Felix mußte den Freunden von der Stellung erzählen, die in Metz seiner wartete. Man war im Hauptquartier bei mehr als Einer Gelegenheit auf ihn aufmerksam geworden, seine Umsicht und Energie, der Umstand, daß er der französischen Sprache vollkommen mächtig war, seine juristischen Kenntnisse und vielleicht auch der Wunsch, einen Nicht-Preußen gleich mit in die Verwaltung der eroberten Provinzen zu ziehen, hatten zusammen dahin gewirkt, daß er dem neuen Gouverneur der Grenzfestung an die Seite gestellt werden sollte. Für die Aufgabe, so schwierigen und unberechenbaren Verhältnissen gerecht zu werden, brauchte man frische Kräfte, die nicht bloß in den bisherigen geregelten Regierungsformen eingelebt, sondern durch das Leben geschult und mit der nöthigen geistigen Schnellkraft auch für unvorhergesehene Fälle ausgerüstet waren.
Das ernste Gesicht unseres jungen Freundes belebte sich ein wenig, als er von dieser bevorstehenden Thätigkeit sprach. Aber ein Ausdruck von fester Resignation klang durch all seine Worte. Die Anderen schienen indessen kein Ohr dafür zu haben, und Rossel rief ihm auf der Treppe ein »Auf Wiedersehen!« nach, ganz wie vor Zeiten, als man sicher war, sich in den nächsten Tagen wieder zu begegnen.
Als sie auf die Straße hinaustraten, hörte Felix aus dem Fenster oben seinen Namen rufen. Er sah die junge Frau Rossel zwischen den immergrünen Topfgewächsen stehen und ihm munter zunicken. Ihre zarten Farben erschienen noch leuchtender, als vor Jahr und Tag, ein Häubchen, das sie kokett und etwas schief auf ihre rothgoldenen Flechten gesetzt hatte, gab dem runden Gesicht ein allerliebstes Ansehen von Häuslichkeit und Frauenwürde.
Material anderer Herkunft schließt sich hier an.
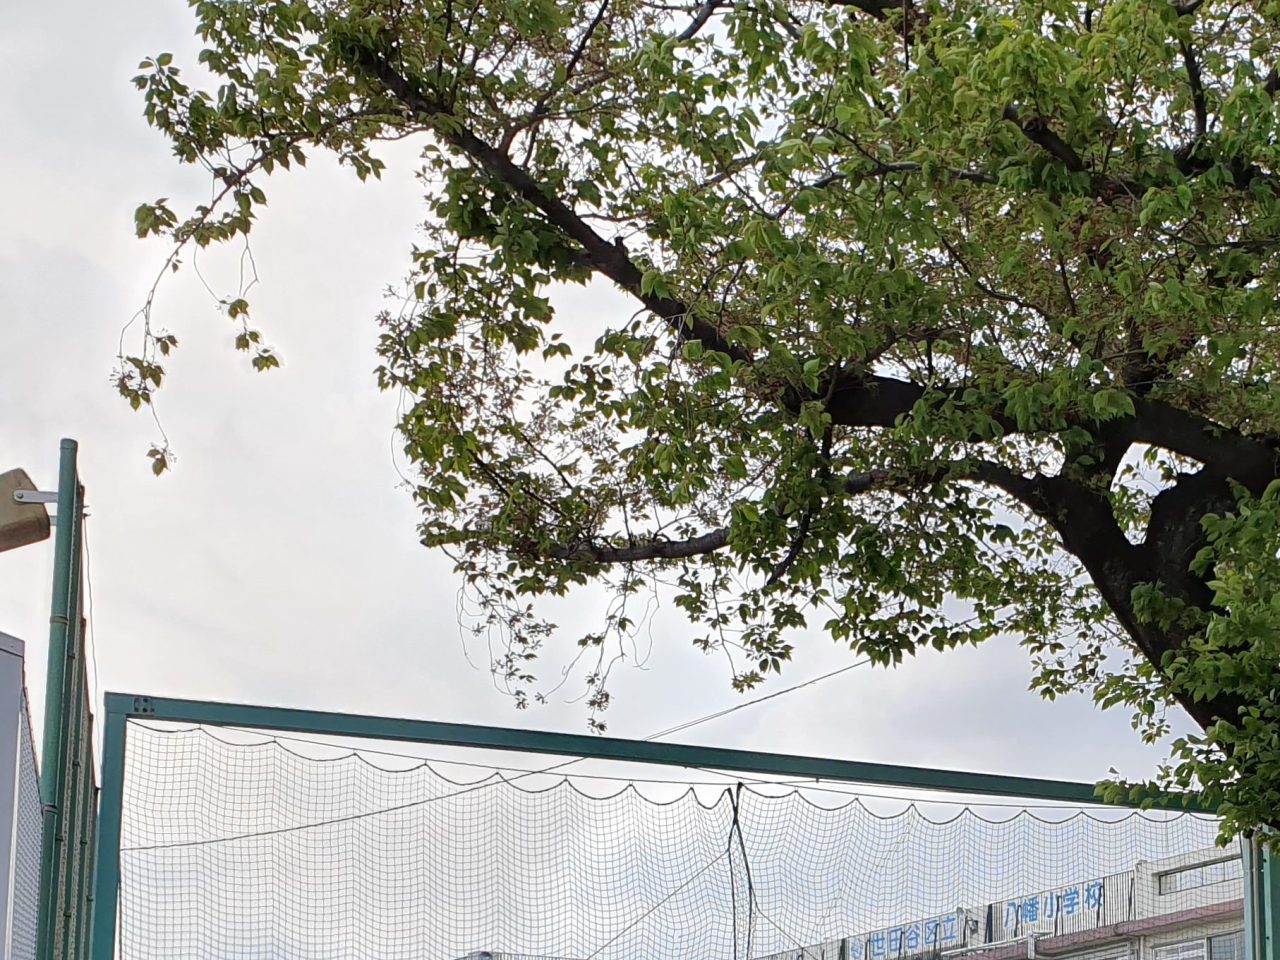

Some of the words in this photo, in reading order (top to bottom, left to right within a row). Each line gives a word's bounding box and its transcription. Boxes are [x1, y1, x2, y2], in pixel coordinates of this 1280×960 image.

[1004, 881, 1104, 928] 八幡小学校
[870, 916, 957, 957] 世田谷区立
Sie sollen nicht denken, daß ich mich nicht mehr um alte Freunde bekümmere, rief sie hinunter. Ich habe schon heute beim Einzug eine Masse Blumen nach Ihnen geworfen, und Sie stolzer Herr haben kein einziges Mal hinaufgeschaut. Nun, jetzt müssen Sie wenigstens den Kopf noch einmal nach mir umdrehen. Die Uniform steht Ihnen übrigens gar nicht so gut, wie das Civil. Sie sehen nicht mehr so apart darin aus. Ich selbst – ich nehme mich so garstig aus – ich kann's nicht übers Herz bringen, mich so vor Ihnen sehen zu lassen. Aber über sechs bis acht Wochen – da müssen Sie zur Taufe kommen, hören Sie wohl? Mein Mann wird's Ihnen noch schreiben – Entschuldigungen werden nicht angenommen, und wenn's ein Bub wird, wie's den Anschein hat, muß er Felix heißen, anders thu' ich's nicht. Und nun adieu, und seien Sie nur recht glücklich, ich gönn's Ihnen gewiß, Sie haben sich's sauer genug verdient.
Damit verschwand das lachende Gesicht droben im Fenster, ohne den Männern Zeit zu einer Erwiederung zu lassen.